> _What you need to do_
The answer must consist only of the lines in the records below from the line with "this 1512×1344 image." to the line with "this 1946×1460 image.", both included, copied word for word with every picture left out.

> _Data extracts_
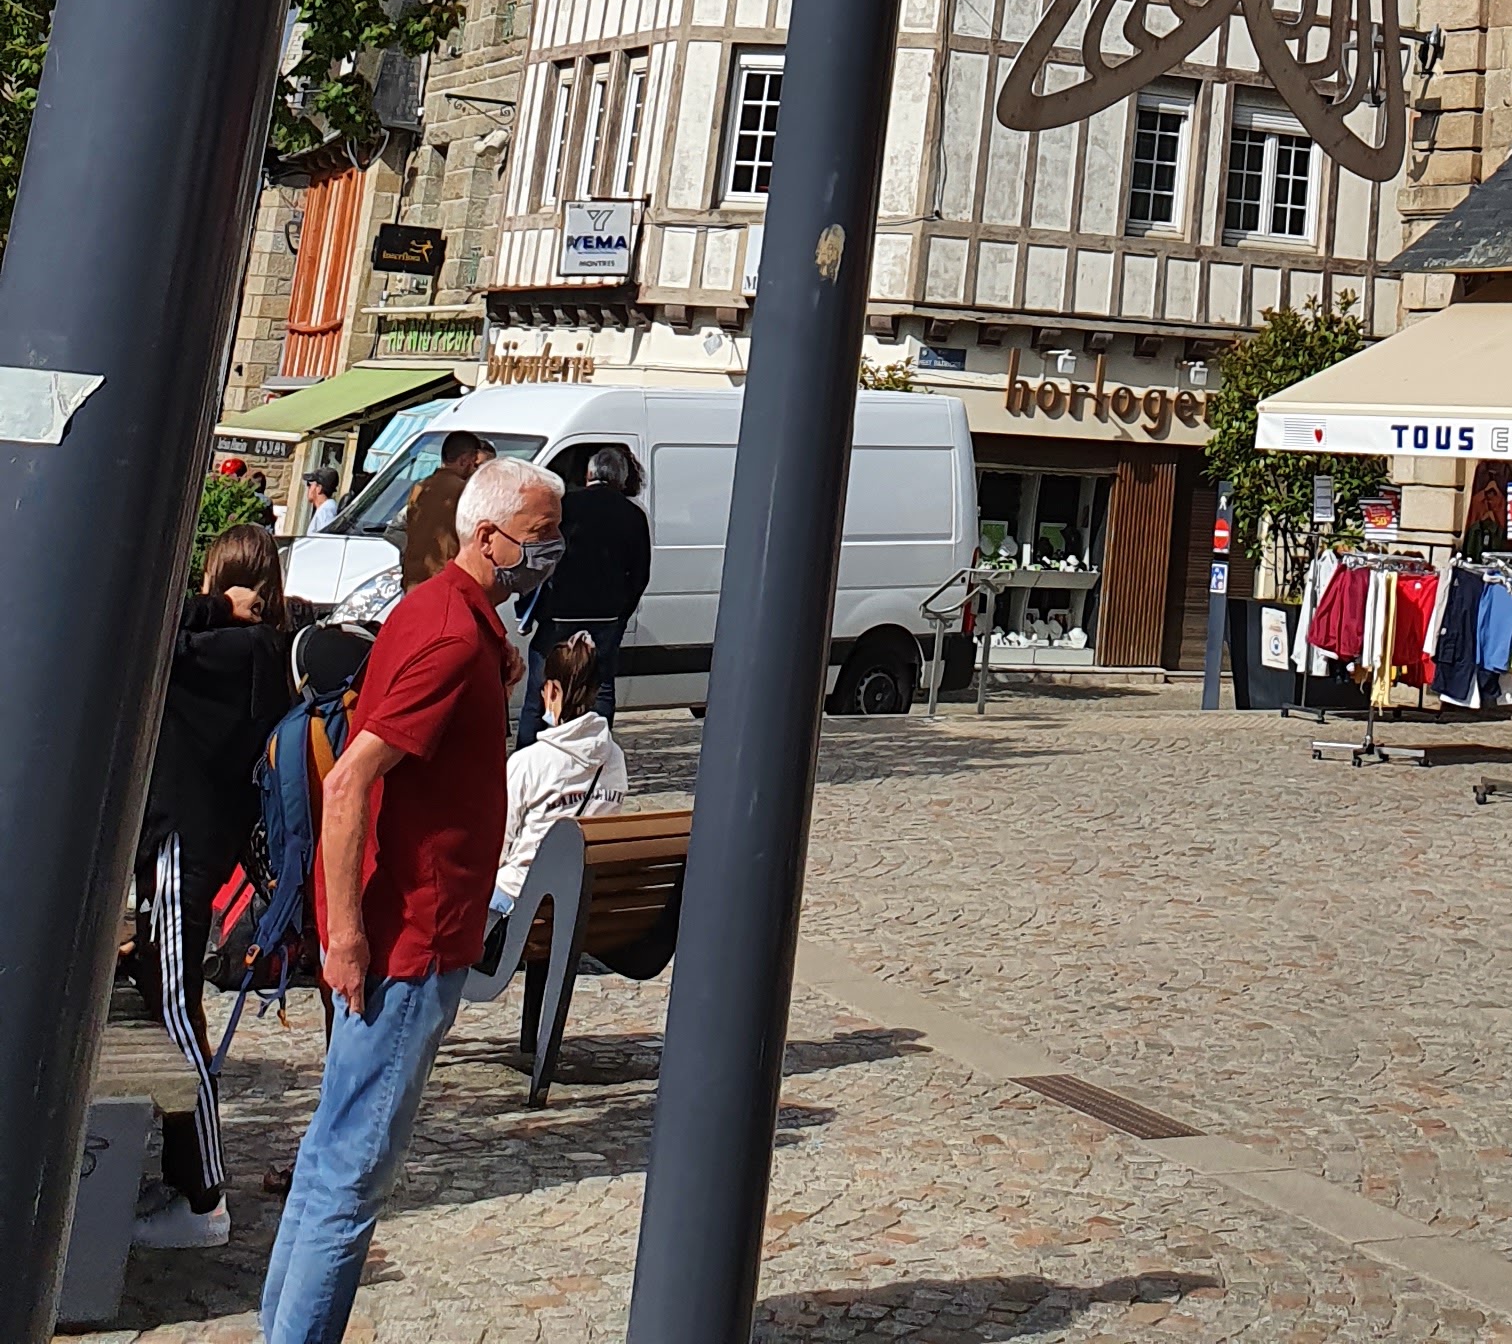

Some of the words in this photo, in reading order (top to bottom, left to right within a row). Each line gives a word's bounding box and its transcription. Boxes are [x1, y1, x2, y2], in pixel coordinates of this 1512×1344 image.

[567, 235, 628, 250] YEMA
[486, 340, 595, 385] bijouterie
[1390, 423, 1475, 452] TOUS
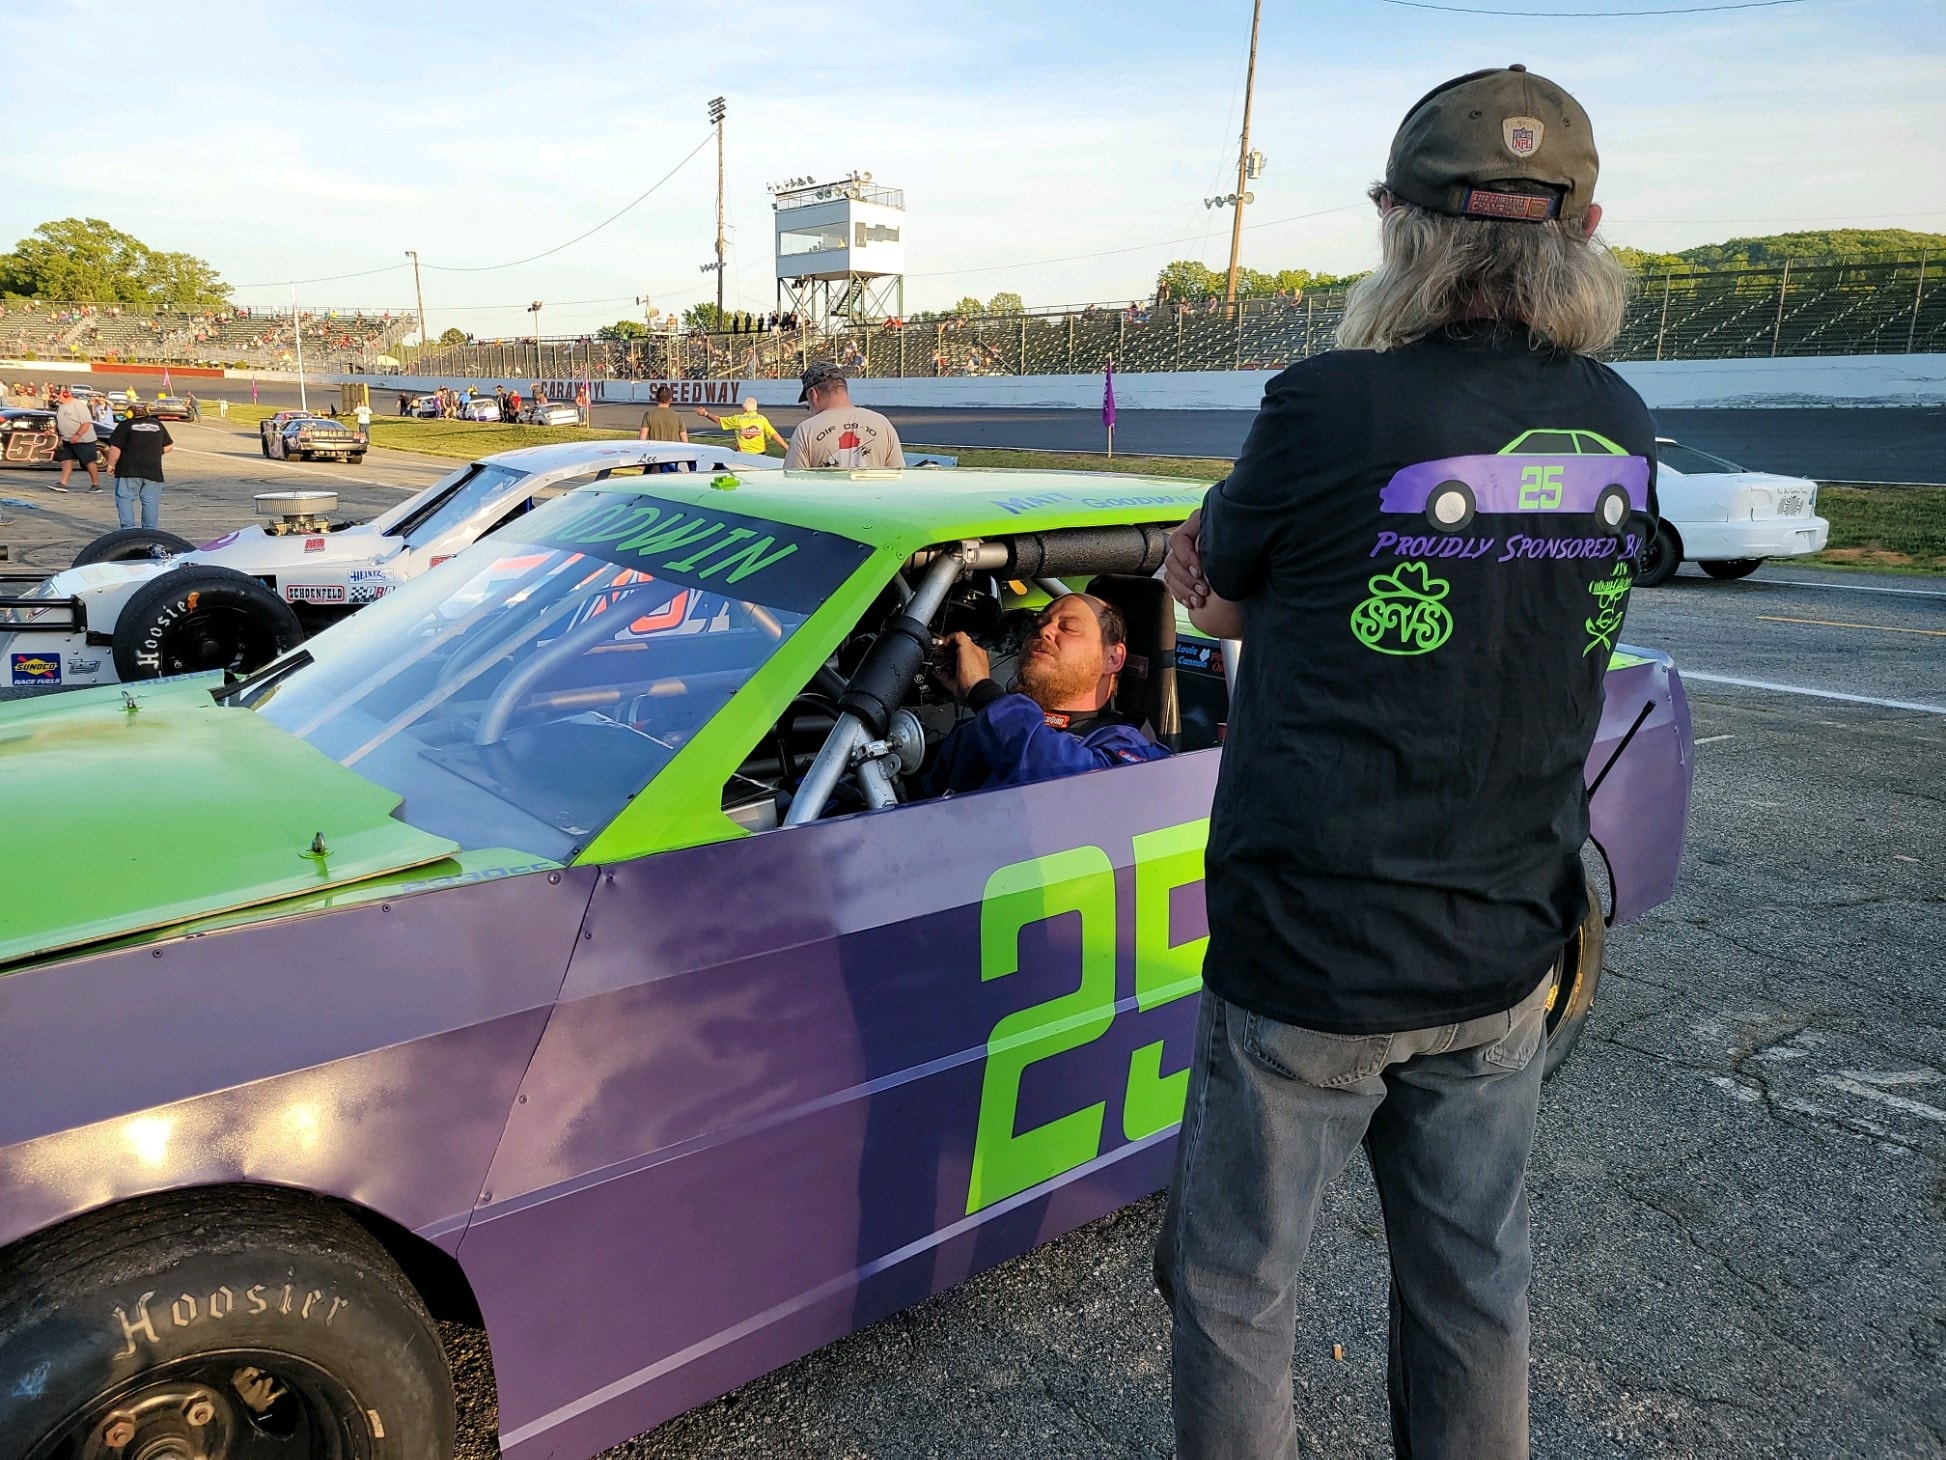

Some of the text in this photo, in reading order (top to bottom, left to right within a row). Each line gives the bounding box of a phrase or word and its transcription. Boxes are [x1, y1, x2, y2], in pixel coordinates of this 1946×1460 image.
---
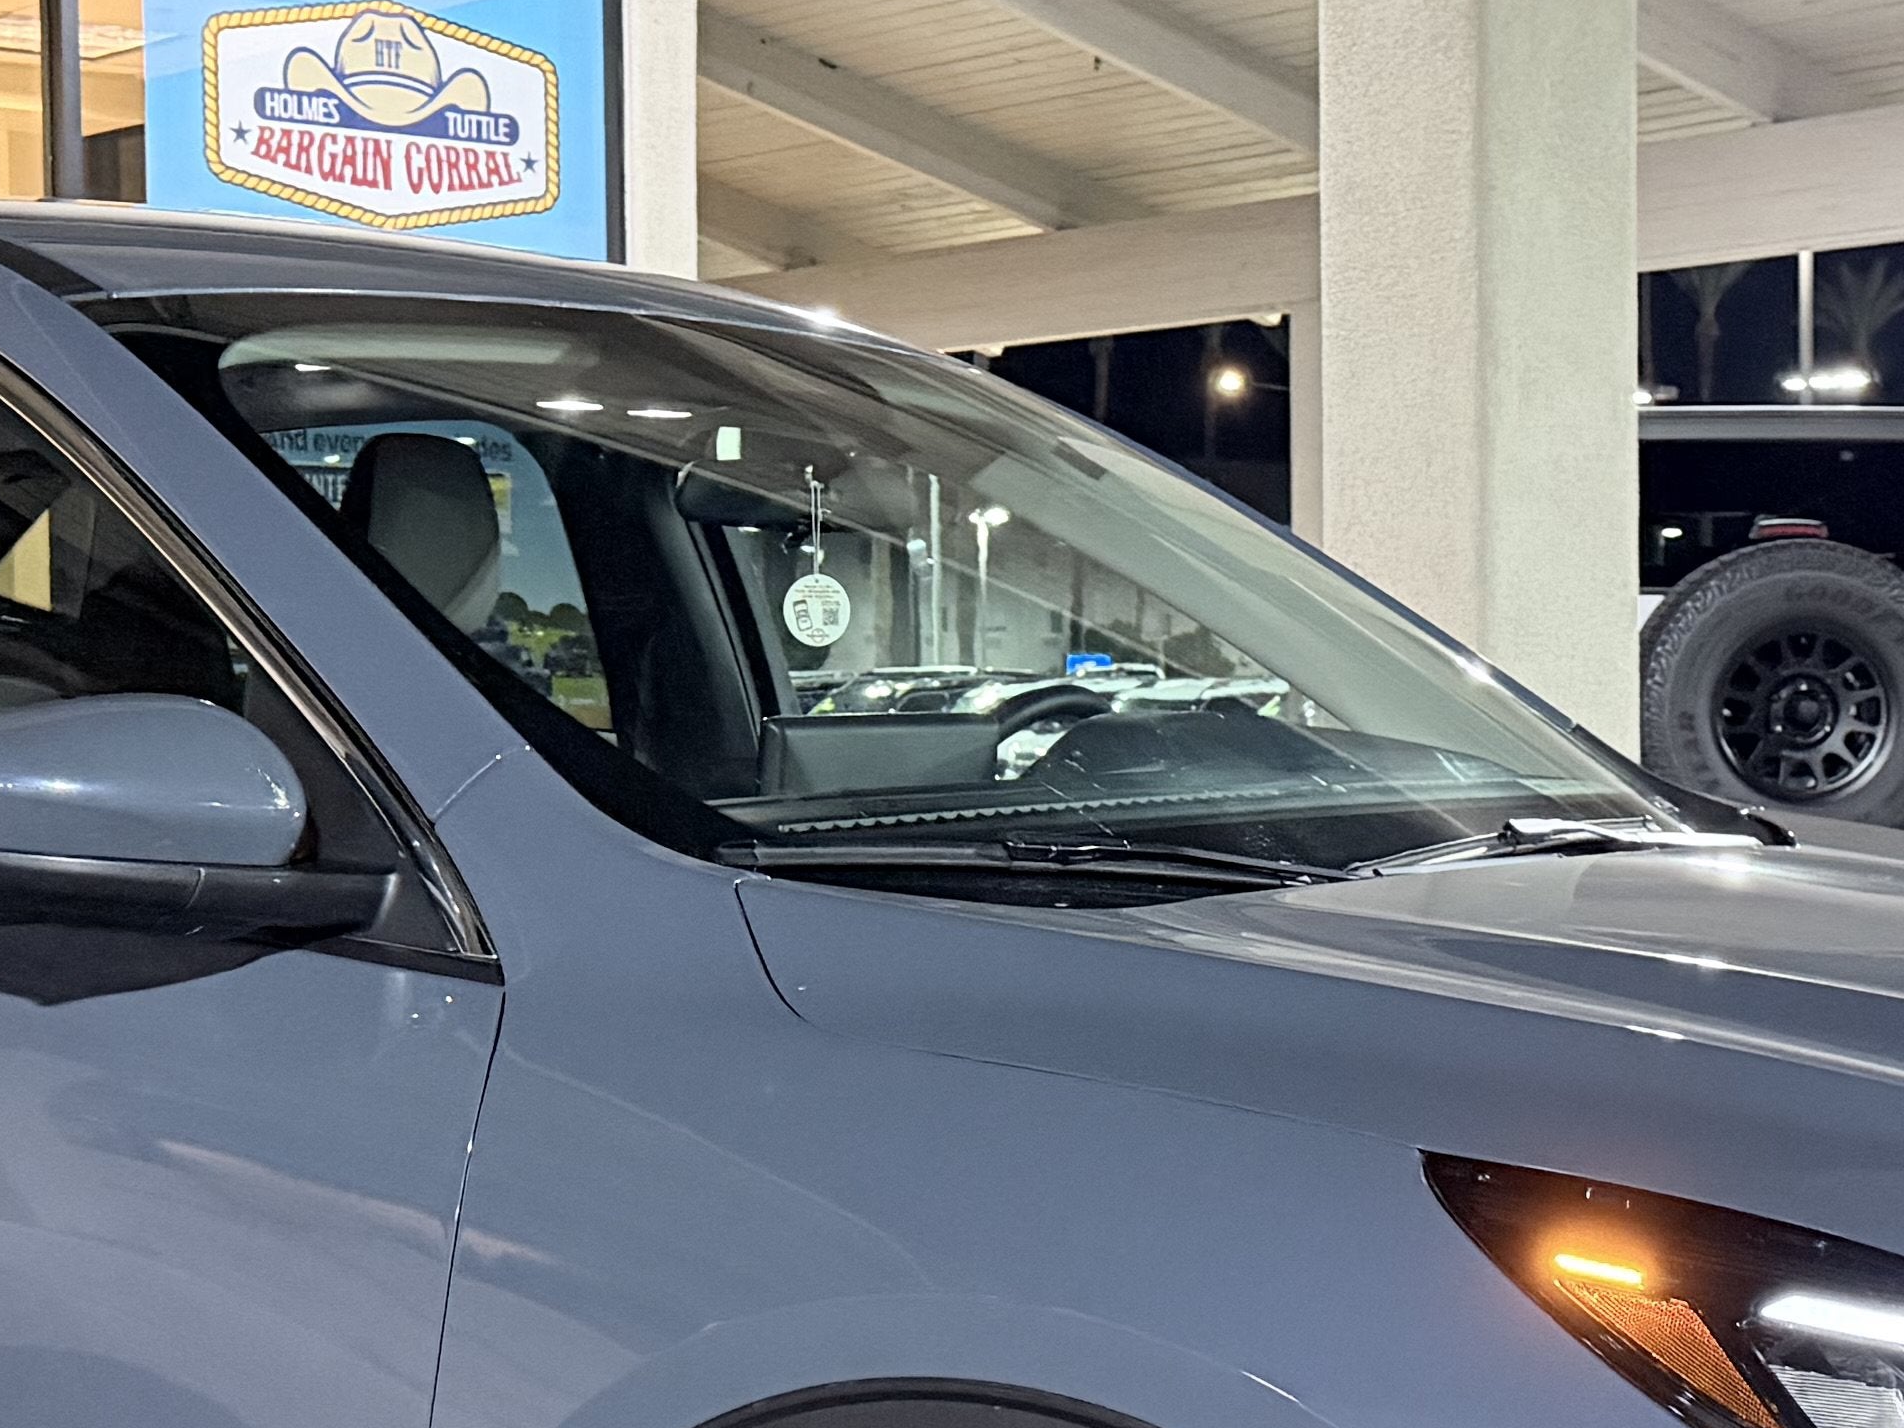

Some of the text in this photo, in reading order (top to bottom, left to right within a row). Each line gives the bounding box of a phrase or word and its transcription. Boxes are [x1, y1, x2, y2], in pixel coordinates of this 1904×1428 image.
--
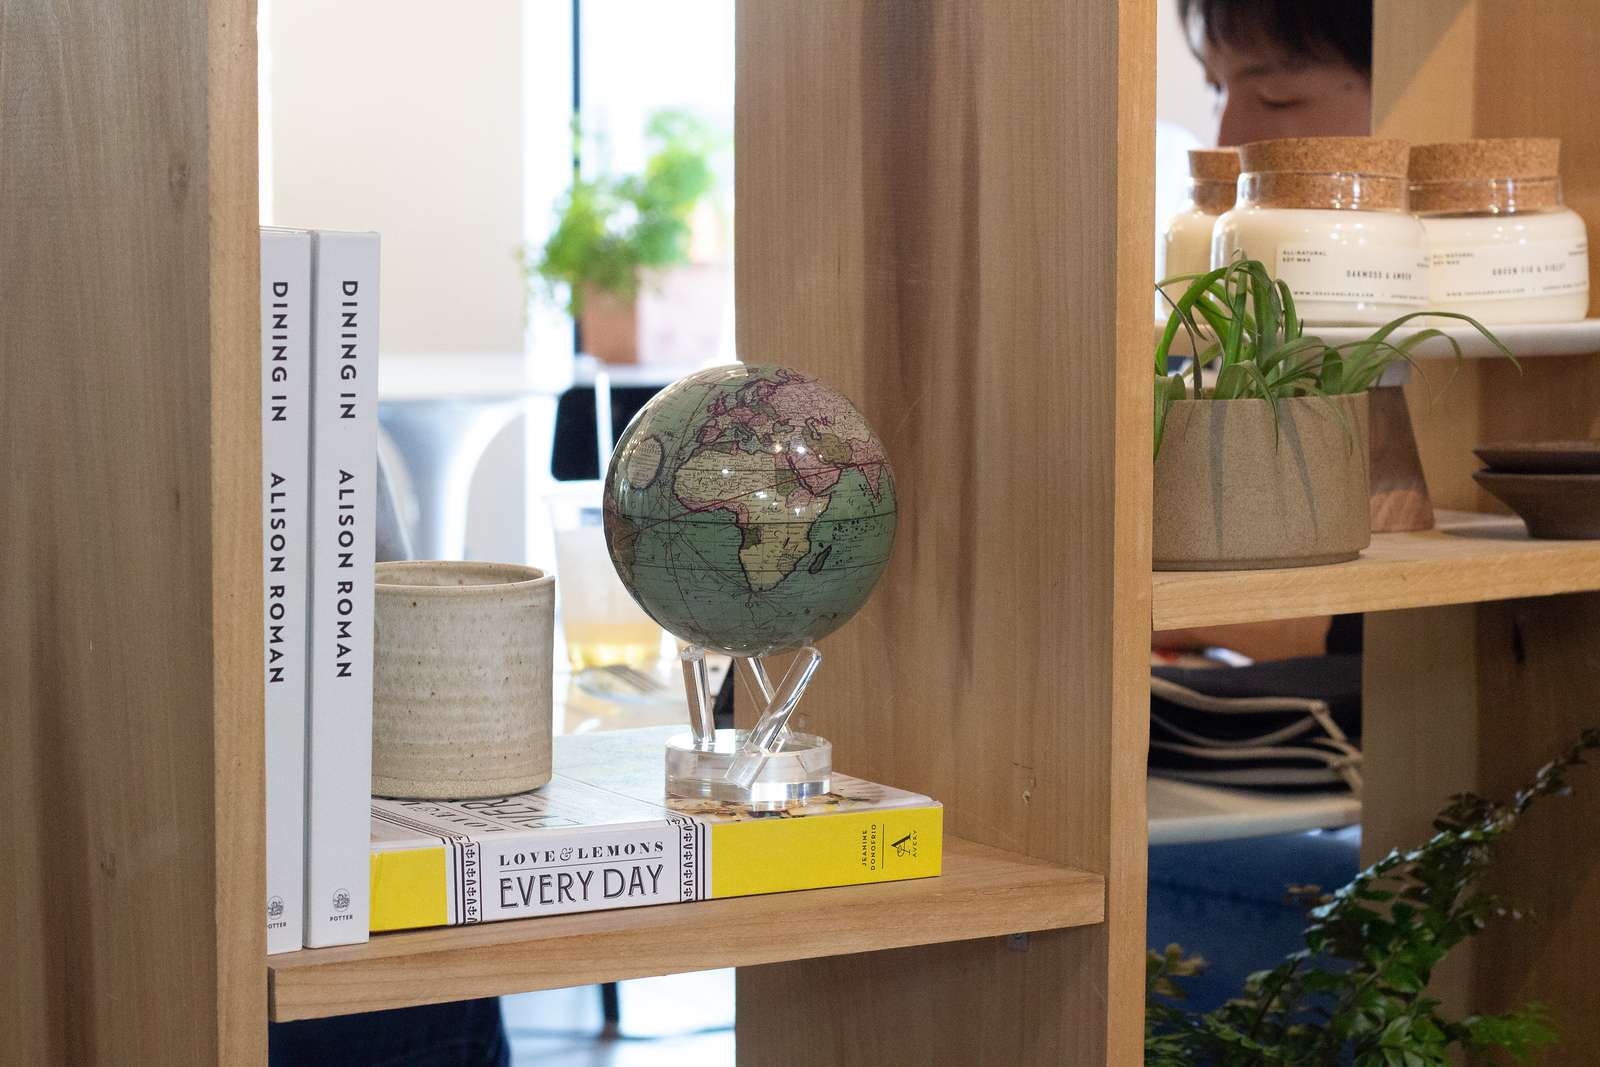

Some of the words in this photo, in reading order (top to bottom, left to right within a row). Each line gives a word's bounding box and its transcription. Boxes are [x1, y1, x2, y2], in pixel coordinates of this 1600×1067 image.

> _Result of this exercise_
Some of the words in this photo, in reading order (top to bottom, left to right within a row). Each line gives a word's bounding box and its transcription. Boxes are [x1, y1, x2, y2], in pixel coordinates of this 1512×1344 image.

[567, 235, 628, 250] YEMA
[486, 340, 595, 385] bijouterie
[1390, 423, 1475, 452] TOUS

Some of the text in this photo, in reading order (top to bottom, left to right within a row). Each line gives the bounding box of a phrase or word and its transcription. Boxes are [x1, y1, x2, y2], in pixel coordinates of this 1946×1460 image.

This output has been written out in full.